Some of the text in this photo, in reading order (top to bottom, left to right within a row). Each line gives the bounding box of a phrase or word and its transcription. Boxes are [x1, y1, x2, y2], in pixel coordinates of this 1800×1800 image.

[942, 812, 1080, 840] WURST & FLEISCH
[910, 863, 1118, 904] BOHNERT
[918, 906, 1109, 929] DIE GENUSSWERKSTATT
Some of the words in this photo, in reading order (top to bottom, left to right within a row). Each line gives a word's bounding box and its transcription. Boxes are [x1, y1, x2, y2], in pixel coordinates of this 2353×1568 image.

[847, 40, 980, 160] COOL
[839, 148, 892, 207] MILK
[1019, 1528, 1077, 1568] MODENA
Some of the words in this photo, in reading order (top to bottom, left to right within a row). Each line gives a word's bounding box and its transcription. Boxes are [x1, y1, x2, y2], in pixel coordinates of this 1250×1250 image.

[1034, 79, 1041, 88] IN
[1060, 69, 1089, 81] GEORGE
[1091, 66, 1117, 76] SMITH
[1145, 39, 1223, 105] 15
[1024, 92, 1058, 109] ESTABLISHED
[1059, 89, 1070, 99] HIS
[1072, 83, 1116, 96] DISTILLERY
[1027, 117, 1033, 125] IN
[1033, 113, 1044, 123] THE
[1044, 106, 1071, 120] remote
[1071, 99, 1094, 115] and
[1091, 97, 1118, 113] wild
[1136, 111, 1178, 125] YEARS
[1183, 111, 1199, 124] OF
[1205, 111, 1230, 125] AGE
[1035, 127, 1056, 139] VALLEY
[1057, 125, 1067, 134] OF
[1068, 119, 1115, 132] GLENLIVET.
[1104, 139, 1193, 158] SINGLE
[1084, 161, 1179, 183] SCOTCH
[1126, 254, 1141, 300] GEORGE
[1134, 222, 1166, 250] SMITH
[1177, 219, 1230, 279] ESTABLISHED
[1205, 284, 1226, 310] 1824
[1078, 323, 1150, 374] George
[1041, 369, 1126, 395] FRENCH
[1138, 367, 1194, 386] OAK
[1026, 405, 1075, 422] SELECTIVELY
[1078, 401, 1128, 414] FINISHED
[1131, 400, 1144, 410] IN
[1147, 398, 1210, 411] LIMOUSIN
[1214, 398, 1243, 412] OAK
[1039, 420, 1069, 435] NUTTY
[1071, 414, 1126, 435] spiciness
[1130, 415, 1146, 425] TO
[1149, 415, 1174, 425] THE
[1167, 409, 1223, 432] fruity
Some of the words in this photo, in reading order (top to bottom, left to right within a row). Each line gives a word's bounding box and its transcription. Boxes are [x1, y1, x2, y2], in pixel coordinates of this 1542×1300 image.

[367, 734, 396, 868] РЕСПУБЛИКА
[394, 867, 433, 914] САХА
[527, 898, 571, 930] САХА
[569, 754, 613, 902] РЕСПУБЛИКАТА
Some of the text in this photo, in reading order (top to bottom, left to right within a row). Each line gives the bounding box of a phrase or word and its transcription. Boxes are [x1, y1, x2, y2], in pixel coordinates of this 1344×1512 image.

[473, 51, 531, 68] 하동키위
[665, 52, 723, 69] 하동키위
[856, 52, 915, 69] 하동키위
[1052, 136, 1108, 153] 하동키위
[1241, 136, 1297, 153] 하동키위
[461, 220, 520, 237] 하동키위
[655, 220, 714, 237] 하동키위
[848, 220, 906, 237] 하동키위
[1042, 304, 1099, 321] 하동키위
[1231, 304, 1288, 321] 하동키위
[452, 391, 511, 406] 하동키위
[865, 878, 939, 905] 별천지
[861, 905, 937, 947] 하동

(Your assignment): Restate each record word for word.

(Solution):
Some of the text in this photo, in reading order (top to bottom, left to right within a row). Each line gives the bounding box of a phrase or word and its transcription. Boxes are [x1, y1, x2, y2], in pixel coordinates of this 1800×1800 image.

[942, 812, 1080, 840] WURST & FLEISCH
[910, 863, 1118, 904] BOHNERT
[918, 906, 1109, 929] DIE GENUSSWERKSTATT
Some of the words in this photo, in reading order (top to bottom, left to right within a row). Each line gives a word's bounding box and its transcription. Boxes are [x1, y1, x2, y2], in pixel coordinates of this 2353×1568 image.

[847, 40, 980, 160] COOL
[839, 148, 892, 207] MILK
[1019, 1528, 1077, 1568] MODENA
Some of the words in this photo, in reading order (top to bottom, left to right within a row). Each line gives a word's bounding box and its transcription. Boxes are [x1, y1, x2, y2], in pixel coordinates of this 1250×1250 image.

[1034, 79, 1041, 88] IN
[1060, 69, 1089, 81] GEORGE
[1091, 66, 1117, 76] SMITH
[1145, 39, 1223, 105] 15
[1024, 92, 1058, 109] ESTABLISHED
[1059, 89, 1070, 99] HIS
[1072, 83, 1116, 96] DISTILLERY
[1027, 117, 1033, 125] IN
[1033, 113, 1044, 123] THE
[1044, 106, 1071, 120] remote
[1071, 99, 1094, 115] and
[1091, 97, 1118, 113] wild
[1136, 111, 1178, 125] YEARS
[1183, 111, 1199, 124] OF
[1205, 111, 1230, 125] AGE
[1035, 127, 1056, 139] VALLEY
[1057, 125, 1067, 134] OF
[1068, 119, 1115, 132] GLENLIVET.
[1104, 139, 1193, 158] SINGLE
[1084, 161, 1179, 183] SCOTCH
[1126, 254, 1141, 300] GEORGE
[1134, 222, 1166, 250] SMITH
[1177, 219, 1230, 279] ESTABLISHED
[1205, 284, 1226, 310] 1824
[1078, 323, 1150, 374] George
[1041, 369, 1126, 395] FRENCH
[1138, 367, 1194, 386] OAK
[1026, 405, 1075, 422] SELECTIVELY
[1078, 401, 1128, 414] FINISHED
[1131, 400, 1144, 410] IN
[1147, 398, 1210, 411] LIMOUSIN
[1214, 398, 1243, 412] OAK
[1039, 420, 1069, 435] NUTTY
[1071, 414, 1126, 435] spiciness
[1130, 415, 1146, 425] TO
[1149, 415, 1174, 425] THE
[1167, 409, 1223, 432] fruity
Some of the words in this photo, in reading order (top to bottom, left to right within a row). Each line gives a word's bounding box and its transcription. Boxes are [x1, y1, x2, y2], in pixel coordinates of this 1542×1300 image.

[367, 734, 396, 868] РЕСПУБЛИКА
[394, 867, 433, 914] САХА
[527, 898, 571, 930] САХА
[569, 754, 613, 902] РЕСПУБЛИКАТА
Some of the text in this photo, in reading order (top to bottom, left to right within a row). Each line gives the bounding box of a phrase or word and its transcription. Boxes are [x1, y1, x2, y2], in pixel coordinates of this 1344×1512 image.

[473, 51, 531, 68] 하동키위
[665, 52, 723, 69] 하동키위
[856, 52, 915, 69] 하동키위
[1052, 136, 1108, 153] 하동키위
[1241, 136, 1297, 153] 하동키위
[461, 220, 520, 237] 하동키위
[655, 220, 714, 237] 하동키위
[848, 220, 906, 237] 하동키위
[1042, 304, 1099, 321] 하동키위
[1231, 304, 1288, 321] 하동키위
[452, 391, 511, 406] 하동키위
[865, 878, 939, 905] 별천지
[861, 905, 937, 947] 하동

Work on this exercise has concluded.